*What the exercise asks:* Set all the entries down again, unaltered.

[Records from a dataset]

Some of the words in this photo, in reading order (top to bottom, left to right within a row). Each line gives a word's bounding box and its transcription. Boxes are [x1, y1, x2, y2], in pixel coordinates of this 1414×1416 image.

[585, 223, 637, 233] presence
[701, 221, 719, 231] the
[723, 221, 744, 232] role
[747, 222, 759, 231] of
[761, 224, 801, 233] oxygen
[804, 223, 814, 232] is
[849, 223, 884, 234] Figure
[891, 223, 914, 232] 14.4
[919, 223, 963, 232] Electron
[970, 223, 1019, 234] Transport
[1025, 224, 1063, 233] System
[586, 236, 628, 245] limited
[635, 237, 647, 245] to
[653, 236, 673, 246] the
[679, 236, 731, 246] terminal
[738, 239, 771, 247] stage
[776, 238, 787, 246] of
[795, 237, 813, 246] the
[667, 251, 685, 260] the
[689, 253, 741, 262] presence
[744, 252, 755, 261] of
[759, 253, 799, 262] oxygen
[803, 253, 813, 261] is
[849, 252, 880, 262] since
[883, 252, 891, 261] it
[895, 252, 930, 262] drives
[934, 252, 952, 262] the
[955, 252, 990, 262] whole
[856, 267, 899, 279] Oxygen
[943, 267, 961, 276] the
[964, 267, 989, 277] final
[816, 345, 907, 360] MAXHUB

*Solution to the exercise:*
Some of the words in this photo, in reading order (top to bottom, left to right within a row). Each line gives a word's bounding box and its transcription. Boxes are [x1, y1, x2, y2], in pixel coordinates of this 1414×1416 image.

[585, 223, 637, 233] presence
[701, 221, 719, 231] the
[723, 221, 744, 232] role
[747, 222, 759, 231] of
[761, 224, 801, 233] oxygen
[804, 223, 814, 232] is
[849, 223, 884, 234] Figure
[891, 223, 914, 232] 14.4
[919, 223, 963, 232] Electron
[970, 223, 1019, 234] Transport
[1025, 224, 1063, 233] System
[586, 236, 628, 245] limited
[635, 237, 647, 245] to
[653, 236, 673, 246] the
[679, 236, 731, 246] terminal
[738, 239, 771, 247] stage
[776, 238, 787, 246] of
[795, 237, 813, 246] the
[667, 251, 685, 260] the
[689, 253, 741, 262] presence
[744, 252, 755, 261] of
[759, 253, 799, 262] oxygen
[803, 253, 813, 261] is
[849, 252, 880, 262] since
[883, 252, 891, 261] it
[895, 252, 930, 262] drives
[934, 252, 952, 262] the
[955, 252, 990, 262] whole
[856, 267, 899, 279] Oxygen
[943, 267, 961, 276] the
[964, 267, 989, 277] final
[816, 345, 907, 360] MAXHUB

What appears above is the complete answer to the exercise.